Abstract

Reduced renal function after liver transplantation (LT) is a long-term extrahepatic complication of major concern caused at least partly by calcineurin inhibitor nephrotoxicity. We report on long-term renal function after LT in children from a single center and analyze the usefulness of glomerular filtration rate (GFR) estimation methods in the follow-up of pediatric LT patients. Fifty-seven pediatric patients were included. GFRs were measured by 51-labeled chromium ethylenediaminetetraacetic acid clearance before LT, at discharge, 6, 12, 18, and 24 months after transplantation and annually thereafter and corrected with the modified Brochner-Mortensen equation.
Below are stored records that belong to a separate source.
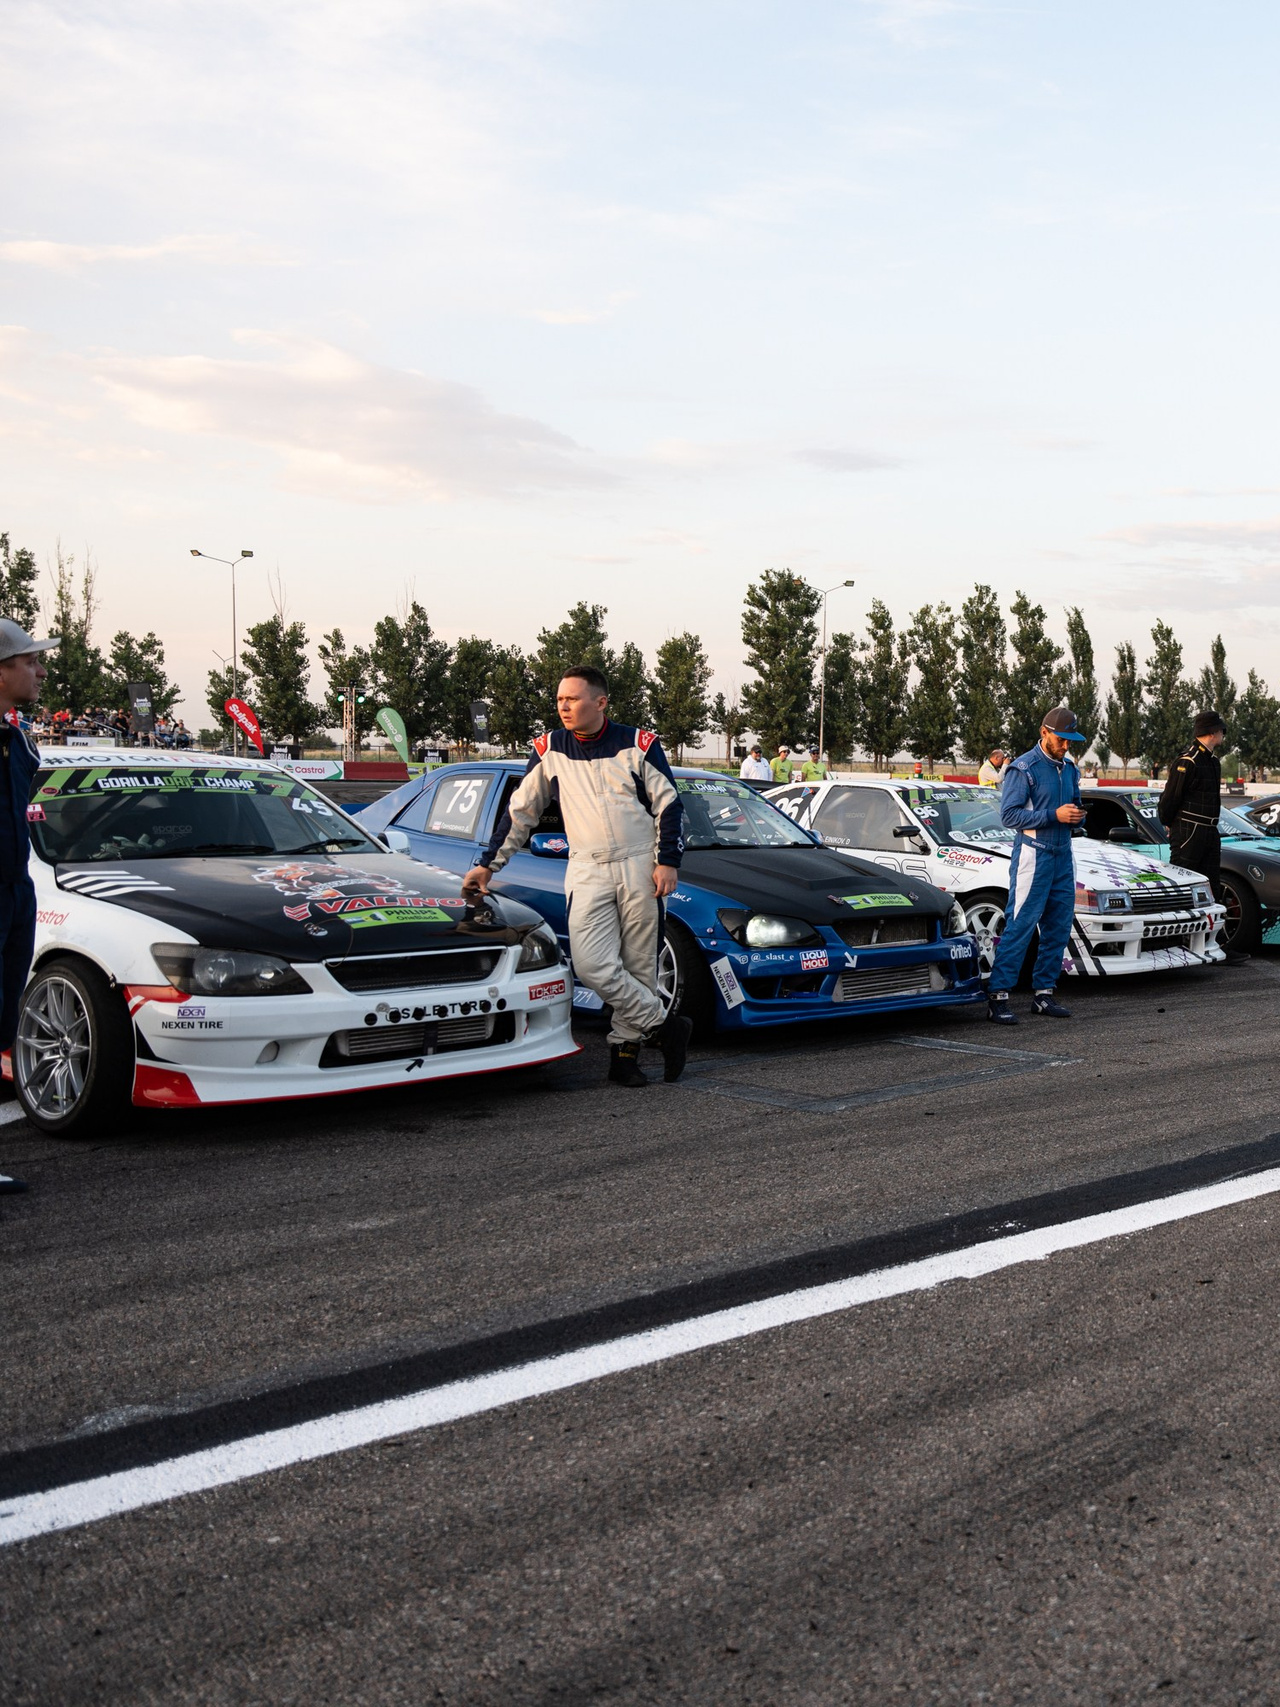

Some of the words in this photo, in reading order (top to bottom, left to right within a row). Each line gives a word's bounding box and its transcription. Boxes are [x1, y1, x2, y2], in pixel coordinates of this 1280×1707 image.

[228, 702, 257, 735] Sulpak
[295, 766, 325, 774] Castrol
[446, 780, 483, 814] 75
[292, 797, 333, 817] 45
[913, 806, 940, 819] 96
[1139, 807, 1158, 819] 07
[948, 851, 983, 865] Castrol
[315, 897, 467, 914] VALINO
[35, 909, 70, 926] astrol
[801, 950, 827, 960] LIQUI
[950, 944, 973, 960] drifted
[802, 959, 827, 969] MOLY
[713, 965, 727, 989] NEXEN
[723, 988, 734, 1005] TIRE
[177, 1008, 206, 1017] NEXEN
[161, 1021, 195, 1029] NEXEN
[198, 1021, 224, 1029] TIRE
GFR values of cases with an ethylenediaminetetraacetic acid distribution volume less than 15% or more than 35% were excluded. The mean GFR for overall follow-up was 76.0 mL/min/1.73 m2 (+/-22.2 mL/min/1.73 m2). The GFR declined significantly from 5 to 7 years (80.2 [+/-17.7] to 72.9 [+/-13.3] mL/min/1.73 m2, respectively; P<0.05). Thirteen percent, 21%, 31%, and 33% of patients had stage 3 chronic kidney disease at 5, 7, 10, and 15 years after LT, respectively. The cyclosporine A trough level was a significant time-dependent factor in the regression model, and after time was removed from the model, proteinuria was the most significant factor. GFR estimation methods overestimated measured GFR; 11% with updated Schwartz, 50% with Schwartz 1987, and 31% with Counahan-Barratt. This study underlines the importance of long-term renal function surveillance after LT performed on children. Although measuring GFR remains the preferred function surveillance method, the updated Schwartz formula is also acceptable.